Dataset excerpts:
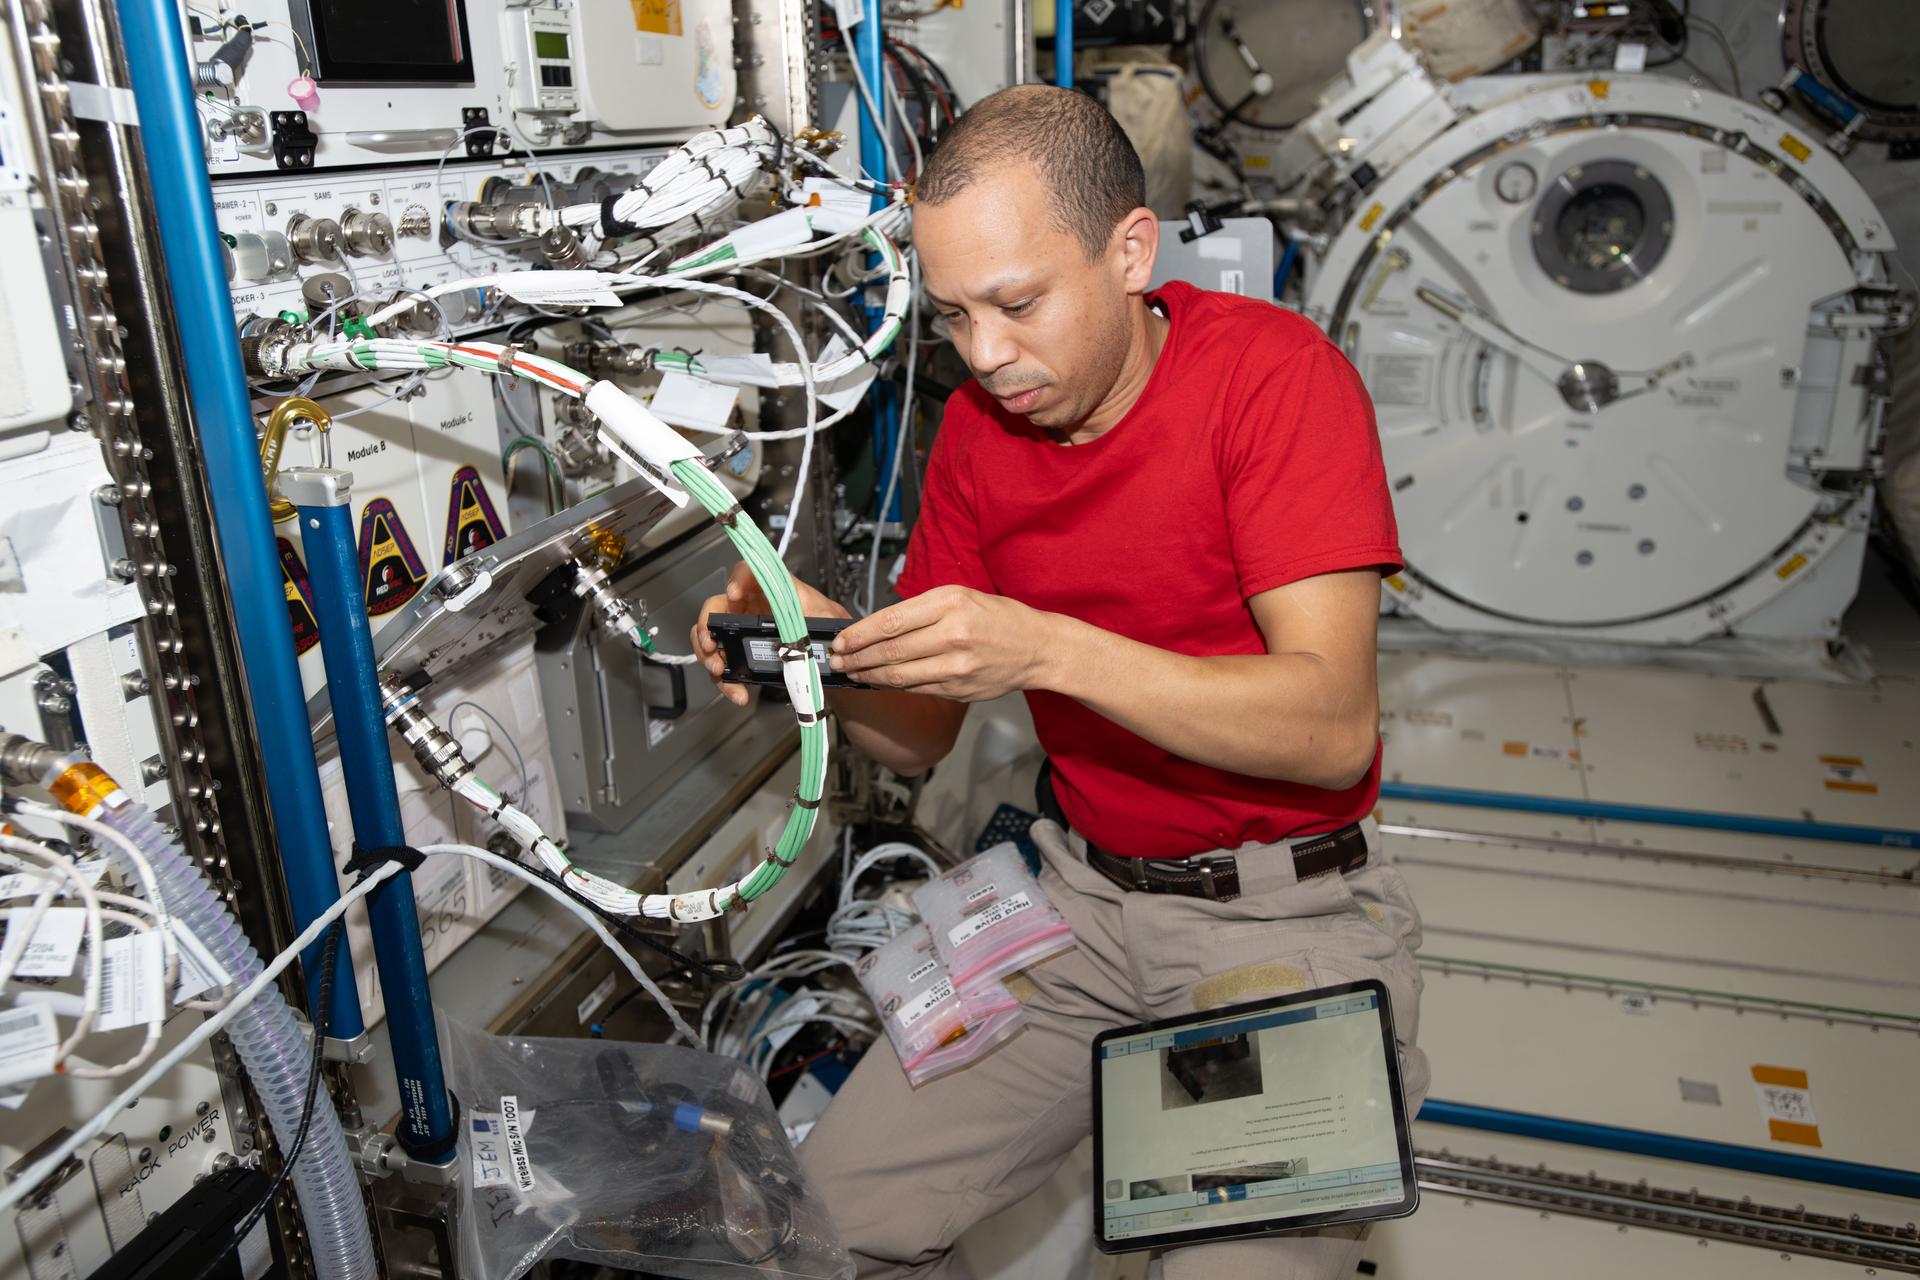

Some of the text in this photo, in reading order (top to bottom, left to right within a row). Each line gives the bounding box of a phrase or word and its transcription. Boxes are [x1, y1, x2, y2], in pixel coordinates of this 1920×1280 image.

[314, 192, 332, 200] SAMS
[231, 294, 255, 305] OCKER
[440, 412, 473, 431] Module C
[347, 440, 387, 462] Module B
[968, 885, 995, 901] Keep
[1004, 900, 1030, 916] Hard
[973, 913, 1002, 931] Drive
[909, 962, 935, 981] Keep
[924, 988, 951, 1010] Drive
[167, 1108, 221, 1158] POWER
[504, 1100, 532, 1188] Wireless Mic S/N 1007
[478, 1141, 501, 1179] JEM

◆ **WHAT IS NEEDED**
Please repeat the data above exactly as it appears, pictures excluded.

◆ **SOLUTION TO THE EXERCISE**
Some of the text in this photo, in reading order (top to bottom, left to right within a row). Each line gives the bounding box of a phrase or word and its transcription. Boxes are [x1, y1, x2, y2], in pixel coordinates of this 1920×1280 image.

[314, 192, 332, 200] SAMS
[231, 294, 255, 305] OCKER
[440, 412, 473, 431] Module C
[347, 440, 387, 462] Module B
[968, 885, 995, 901] Keep
[1004, 900, 1030, 916] Hard
[973, 913, 1002, 931] Drive
[909, 962, 935, 981] Keep
[924, 988, 951, 1010] Drive
[167, 1108, 221, 1158] POWER
[504, 1100, 532, 1188] Wireless Mic S/N 1007
[478, 1141, 501, 1179] JEM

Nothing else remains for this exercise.